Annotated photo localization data
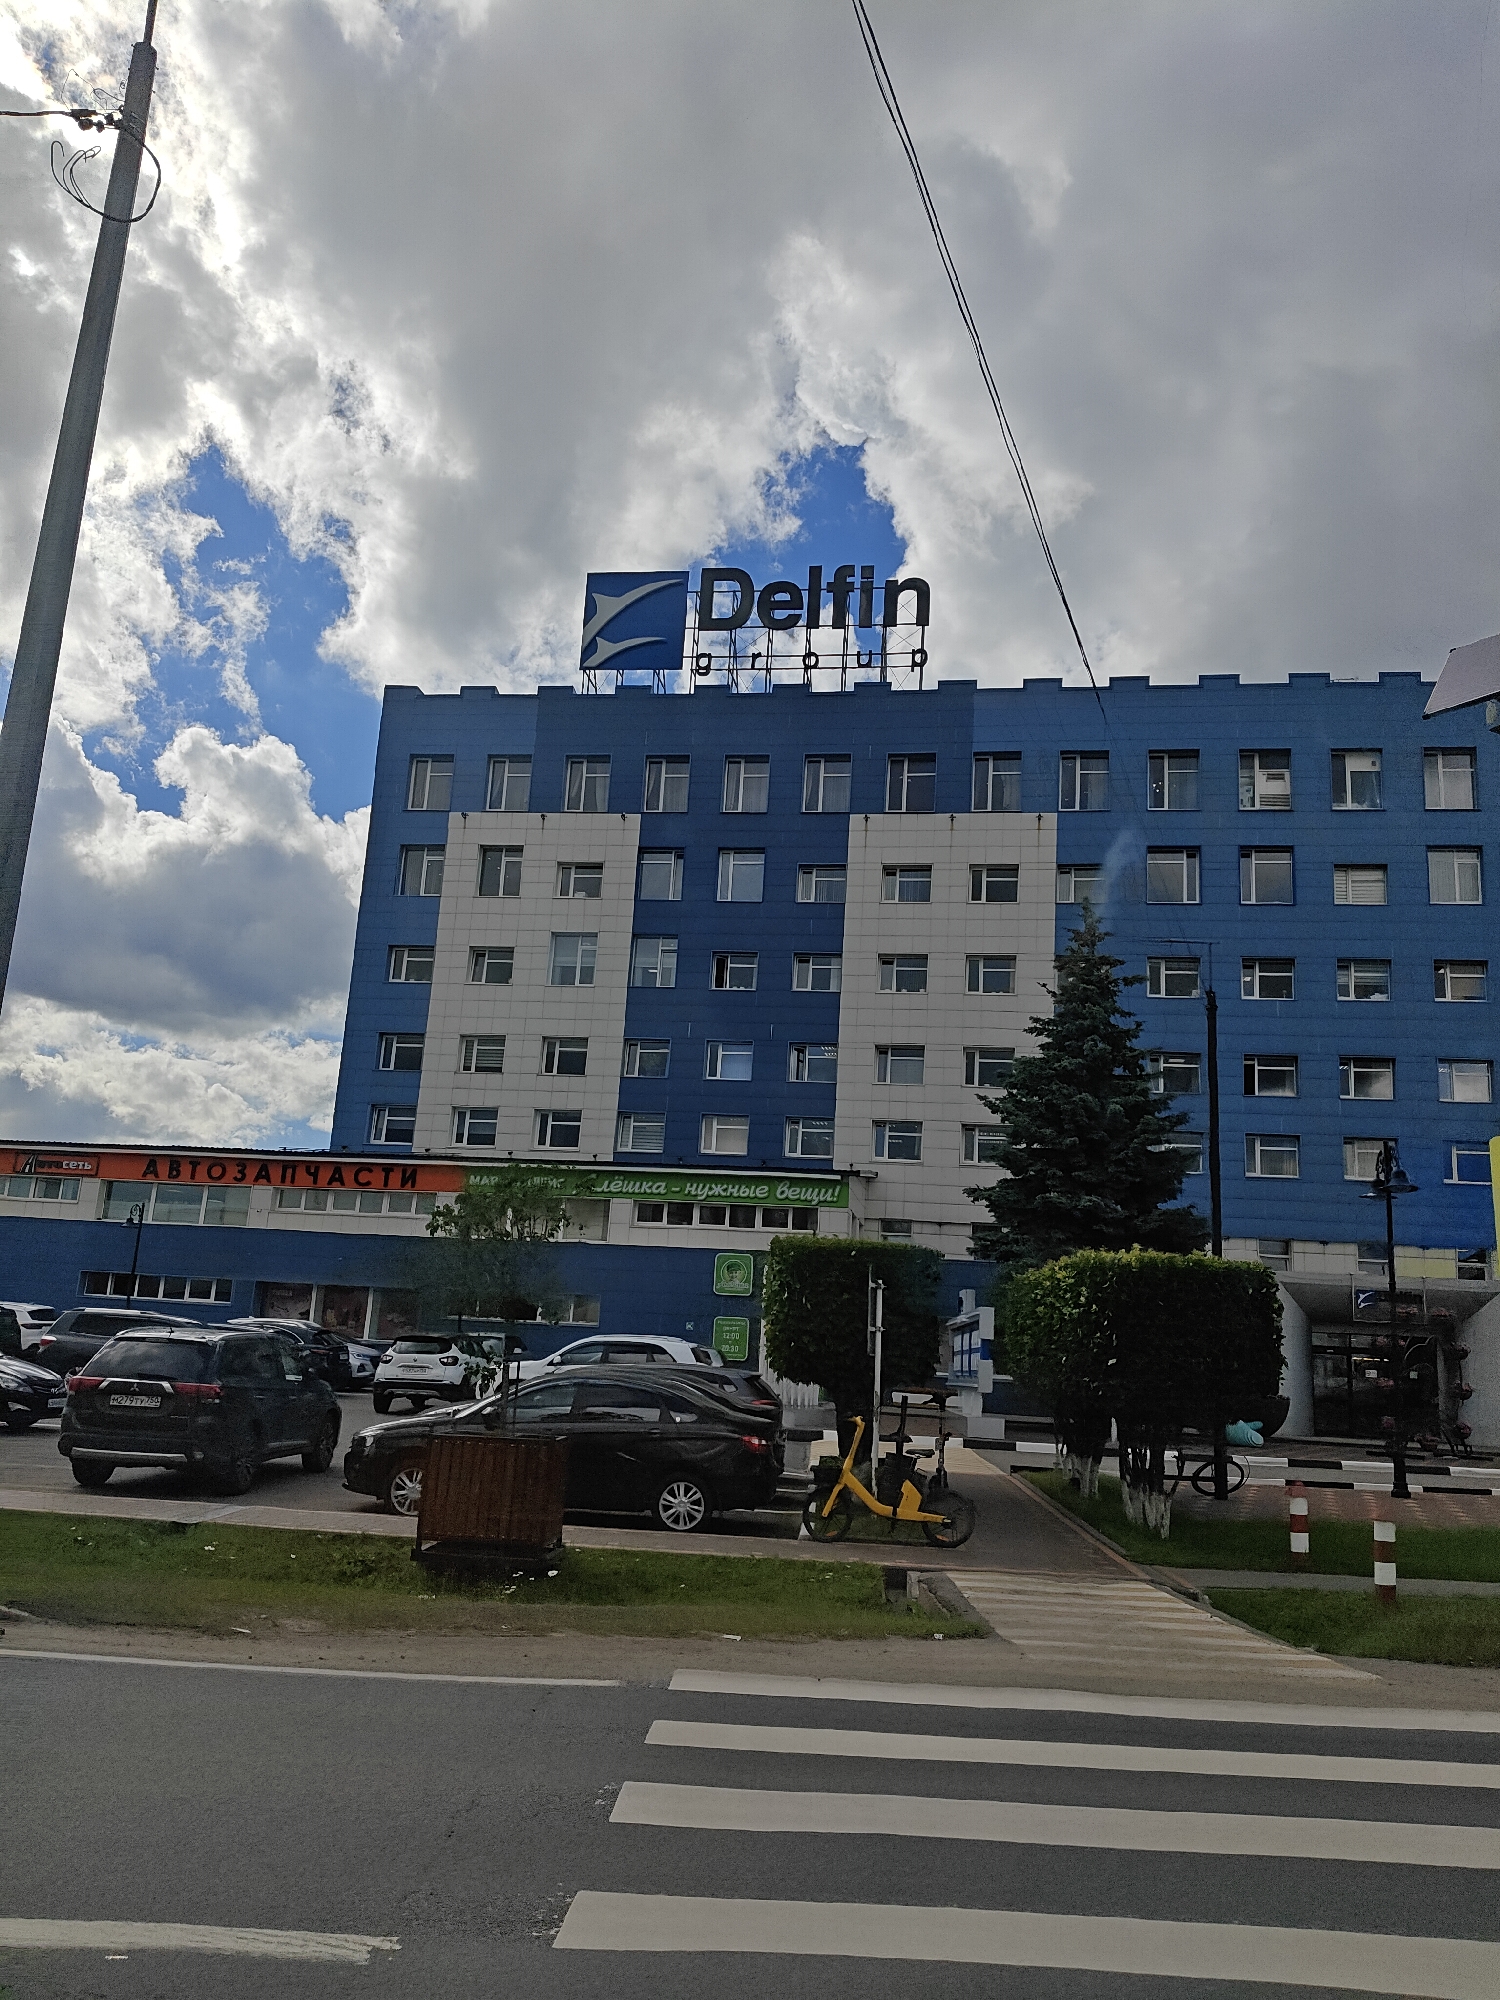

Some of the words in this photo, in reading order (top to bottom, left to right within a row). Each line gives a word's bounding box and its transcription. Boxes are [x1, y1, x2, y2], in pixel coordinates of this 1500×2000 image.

[697, 565, 931, 631] Delfin
[696, 647, 928, 676] group
[141, 1158, 418, 1188] АВТОЗАПЧАСТИ
[685, 1181, 769, 1200] нужные
[775, 1180, 842, 1205] вещи!

● **Problem description**
Copy each record exactly. Leave any images out of the copy.

● **Answer box**
Some of the words in this photo, in reading order (top to bottom, left to right within a row). Each line gives a word's bounding box and its transcription. Boxes are [x1, y1, x2, y2], in pixel coordinates of this 1500×2000 image.

[697, 565, 931, 631] Delfin
[696, 647, 928, 676] group
[141, 1158, 418, 1188] АВТОЗАПЧАСТИ
[685, 1181, 769, 1200] нужные
[775, 1180, 842, 1205] вещи!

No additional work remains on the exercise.